YOUR TASK
Every line of the listing below is to be duplicated exactly, with the pictures left out.

AVAILABLE DATA
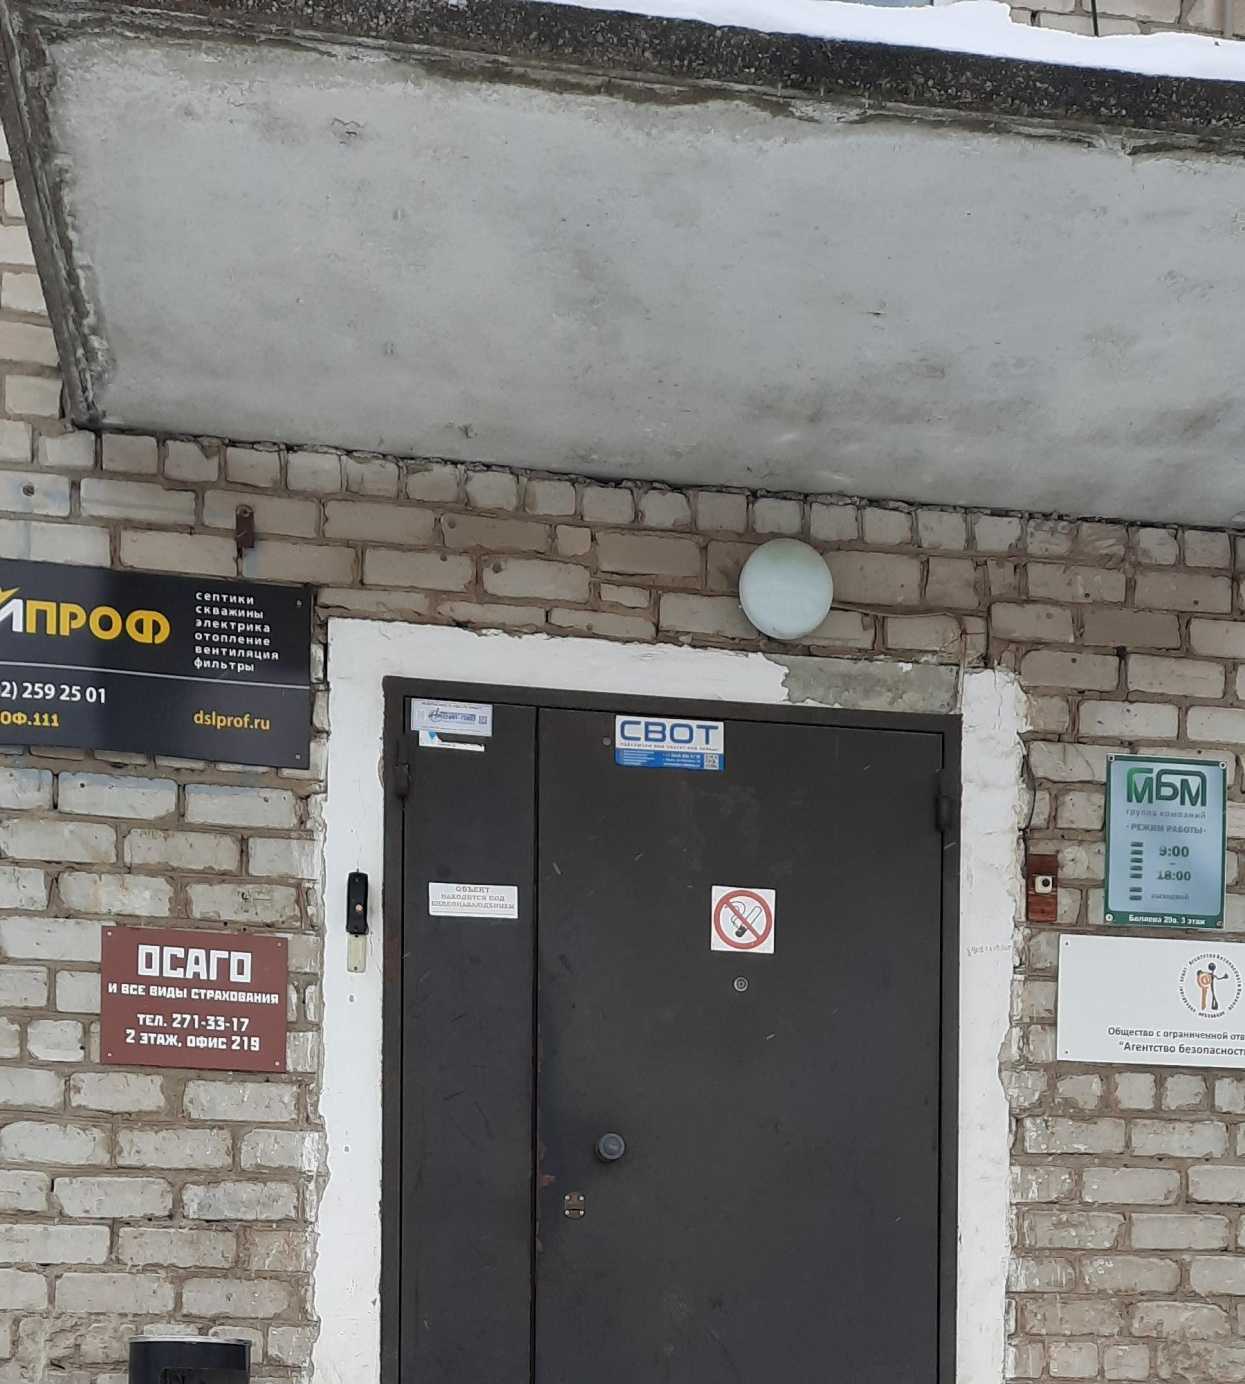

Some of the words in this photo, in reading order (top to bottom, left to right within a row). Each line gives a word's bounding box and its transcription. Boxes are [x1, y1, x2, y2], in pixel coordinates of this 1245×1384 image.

[195, 591, 254, 605] септики
[195, 605, 264, 619] скважины
[195, 618, 271, 633] электрика
[194, 632, 271, 646] отопление
[194, 645, 279, 661] вентиляция
[193, 656, 255, 673] фильтры
[22, 682, 56, 699] 259
[59, 685, 81, 701] 25
[85, 687, 106, 704] 01
[193, 710, 270, 730] dslprof.ru
[1159, 846, 1190, 857] 9:00
[1157, 870, 1192, 881] 18:00
[138, 944, 252, 983] ОСАГО
[108, 983, 117, 993] И
[121, 984, 146, 995] ВСЕ
[149, 985, 187, 998] ВИДЫ
[191, 989, 279, 1004] СТРАХОВАНИЯ
[137, 1014, 167, 1027] ТЕЛ.
[172, 1014, 249, 1031] 271-33-17
[126, 1030, 135, 1043] 2
[139, 1033, 182, 1047] ЭТАЖ,
[187, 1036, 227, 1048] ОФИС
[231, 1036, 260, 1051] 219
[1108, 1027, 1154, 1037] Общество
[1163, 1030, 1229, 1040] ограниченной
[1178, 1044, 1245, 1056] безопасност
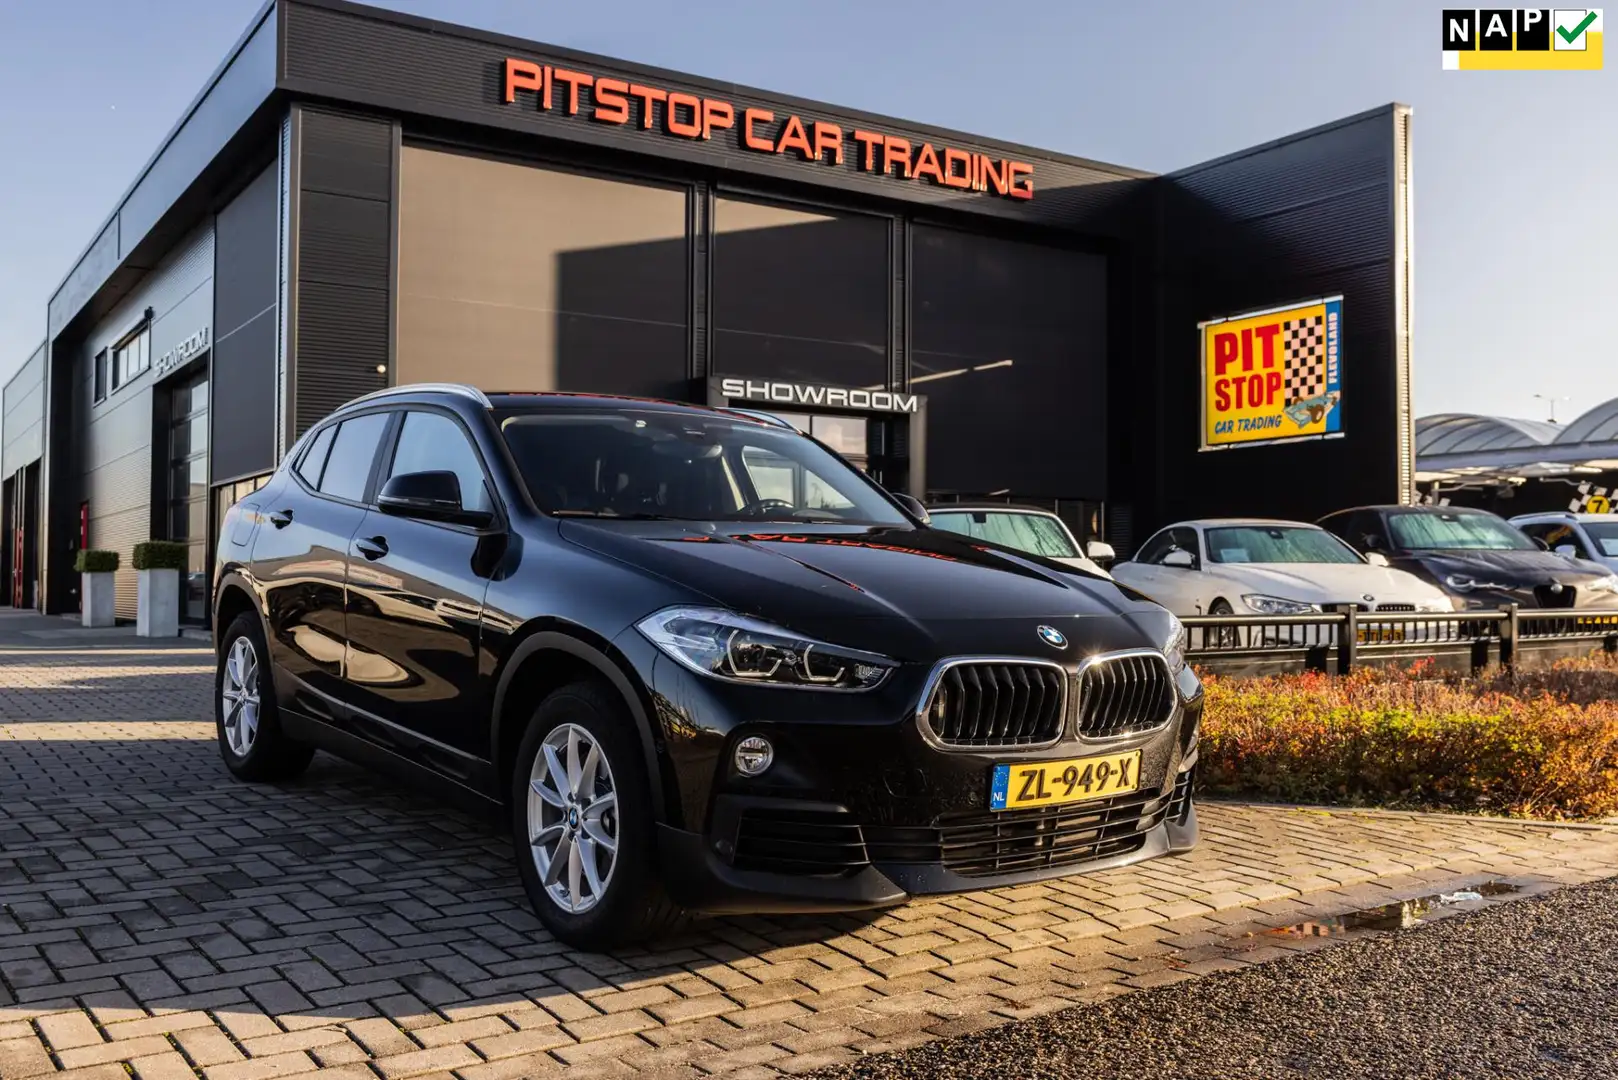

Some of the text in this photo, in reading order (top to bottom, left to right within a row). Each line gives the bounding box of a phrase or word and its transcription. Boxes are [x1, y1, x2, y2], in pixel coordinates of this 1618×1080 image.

[505, 57, 1034, 200] PITSTOP CAR TRADING
[1214, 324, 1280, 376] PIT
[1328, 312, 1338, 384] FLEVOLAND
[722, 378, 918, 412] SHOWROOM
[1215, 371, 1282, 412] STOP
[1215, 414, 1282, 434] CAR TRADING
[1592, 500, 1603, 513] 7
[993, 792, 1005, 801] NL
[1016, 758, 1133, 801] ZL-949-X
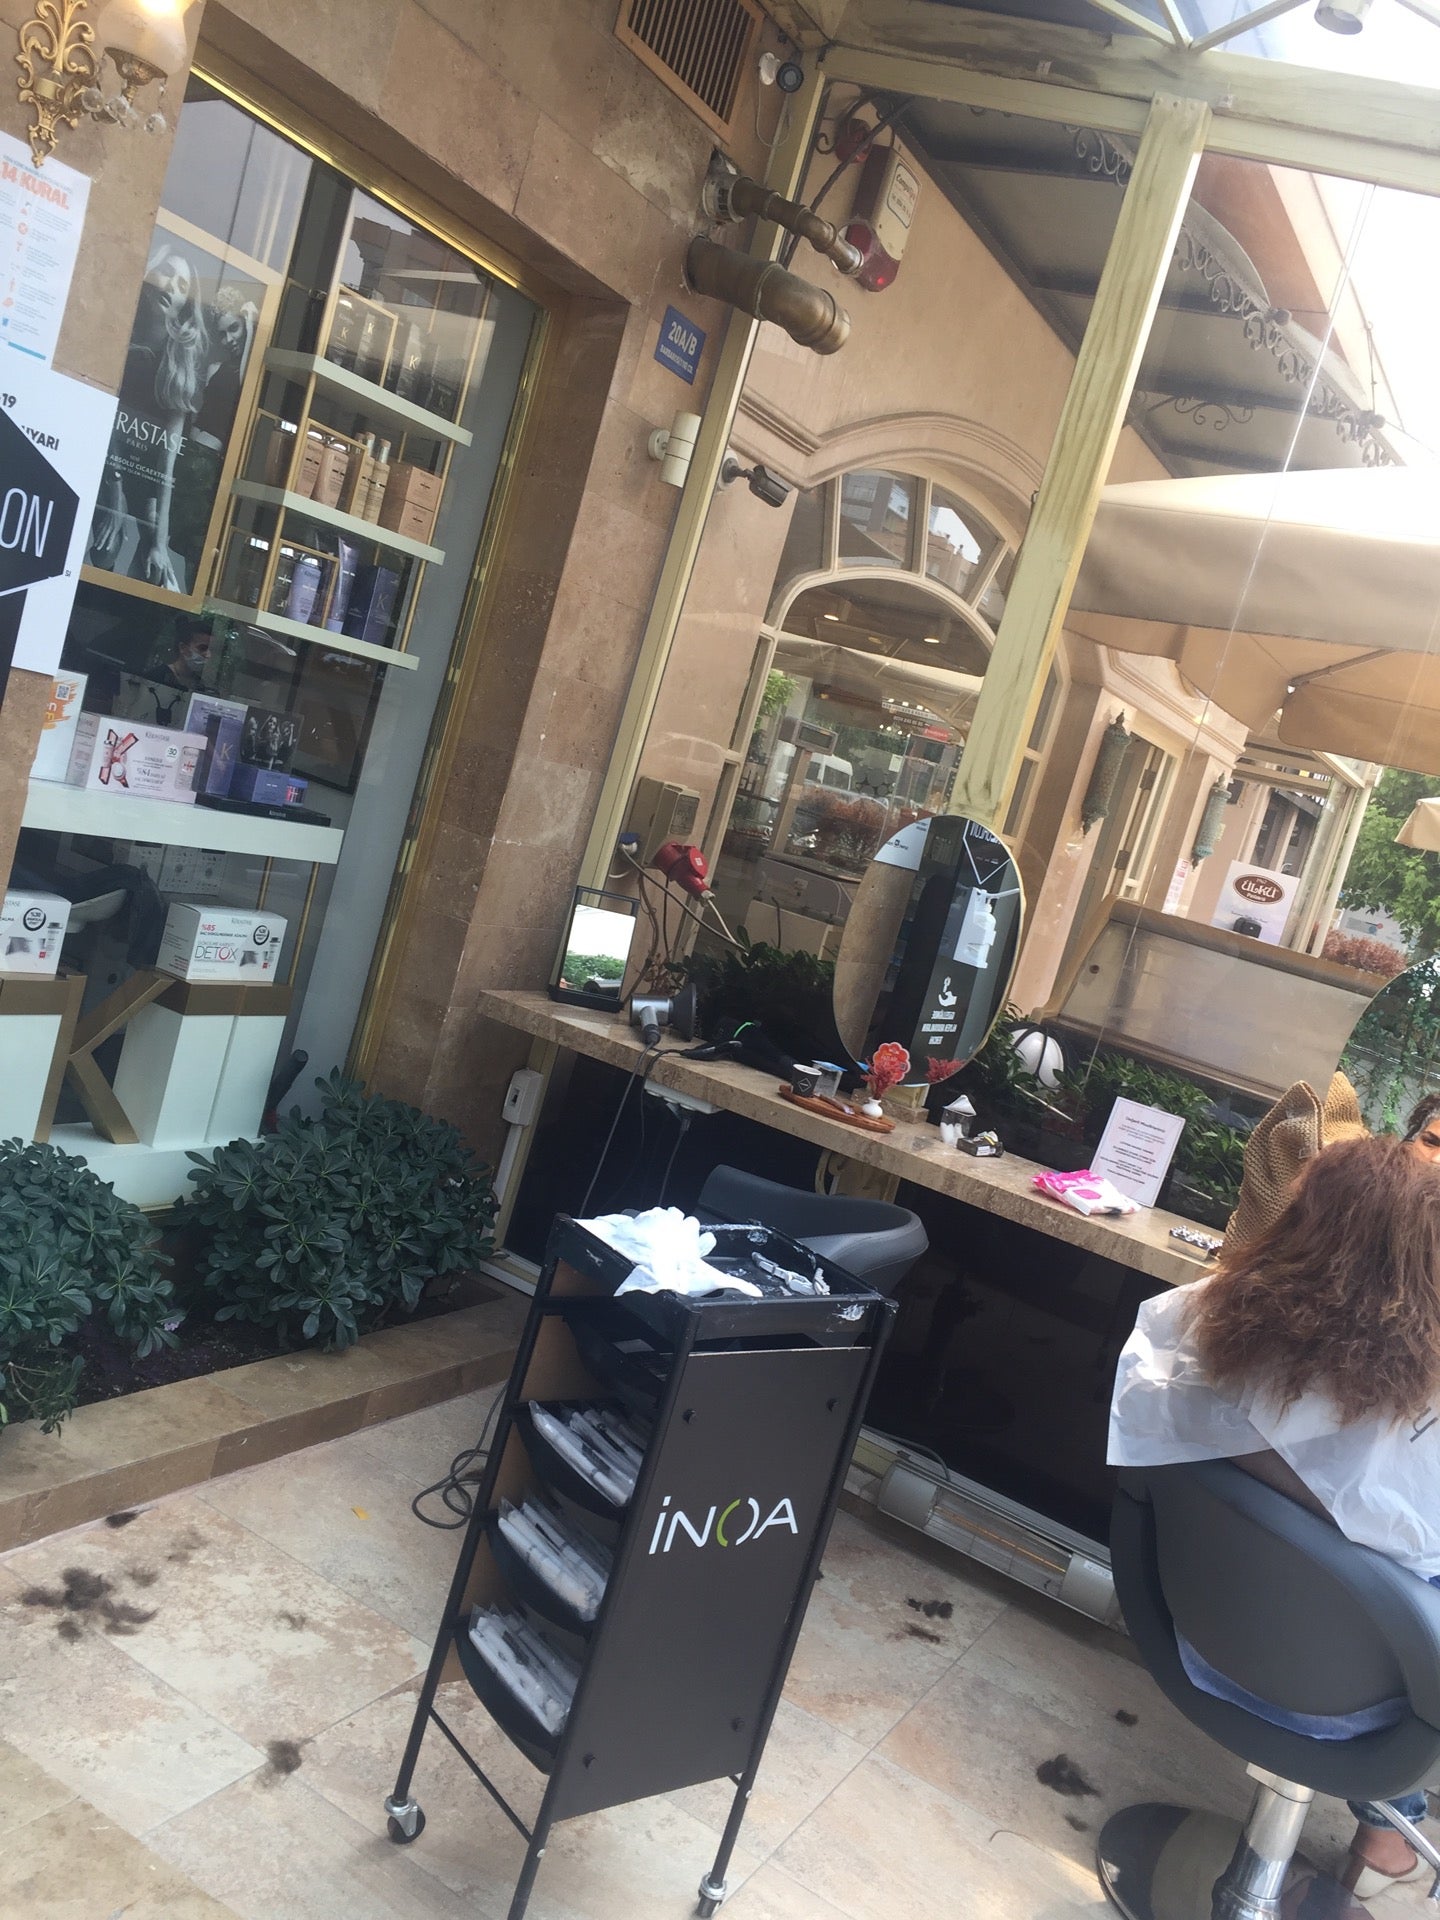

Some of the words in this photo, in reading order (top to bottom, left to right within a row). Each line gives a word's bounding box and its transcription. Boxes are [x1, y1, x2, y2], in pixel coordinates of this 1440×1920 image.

[20, 172, 70, 210] KURAL
[668, 321, 697, 357] 20A/B
[115, 411, 188, 456] RASTASE
[220, 742, 234, 760] K
[194, 945, 239, 961] DETOX

RESPONSE TO THE EXERCISE
Some of the words in this photo, in reading order (top to bottom, left to right within a row). Each line gives a word's bounding box and its transcription. Boxes are [x1, y1, x2, y2], in pixel coordinates of this 1245×1384 image.

[195, 591, 254, 605] септики
[195, 605, 264, 619] скважины
[195, 618, 271, 633] электрика
[194, 632, 271, 646] отопление
[194, 645, 279, 661] вентиляция
[193, 656, 255, 673] фильтры
[22, 682, 56, 699] 259
[59, 685, 81, 701] 25
[85, 687, 106, 704] 01
[193, 710, 270, 730] dslprof.ru
[1159, 846, 1190, 857] 9:00
[1157, 870, 1192, 881] 18:00
[138, 944, 252, 983] ОСАГО
[108, 983, 117, 993] И
[121, 984, 146, 995] ВСЕ
[149, 985, 187, 998] ВИДЫ
[191, 989, 279, 1004] СТРАХОВАНИЯ
[137, 1014, 167, 1027] ТЕЛ.
[172, 1014, 249, 1031] 271-33-17
[126, 1030, 135, 1043] 2
[139, 1033, 182, 1047] ЭТАЖ,
[187, 1036, 227, 1048] ОФИС
[231, 1036, 260, 1051] 219
[1108, 1027, 1154, 1037] Общество
[1163, 1030, 1229, 1040] ограниченной
[1178, 1044, 1245, 1056] безопасност

Some of the text in this photo, in reading order (top to bottom, left to right within a row). Each line gives the bounding box of a phrase or word and its transcription. Boxes are [x1, y1, x2, y2], in pixel coordinates of this 1618×1080 image.

[505, 57, 1034, 200] PITSTOP CAR TRADING
[1214, 324, 1280, 376] PIT
[1328, 312, 1338, 384] FLEVOLAND
[722, 378, 918, 412] SHOWROOM
[1215, 371, 1282, 412] STOP
[1215, 414, 1282, 434] CAR TRADING
[1592, 500, 1603, 513] 7
[993, 792, 1005, 801] NL
[1016, 758, 1133, 801] ZL-949-X

Some of the words in this photo, in reading order (top to bottom, left to right within a row). Each line gives a word's bounding box and its transcription. Boxes are [x1, y1, x2, y2], in pixel coordinates of this 1440×1920 image.

[20, 172, 70, 210] KURAL
[668, 321, 697, 357] 20A/B
[115, 411, 188, 456] RASTASE
[220, 742, 234, 760] K
[194, 945, 239, 961] DETOX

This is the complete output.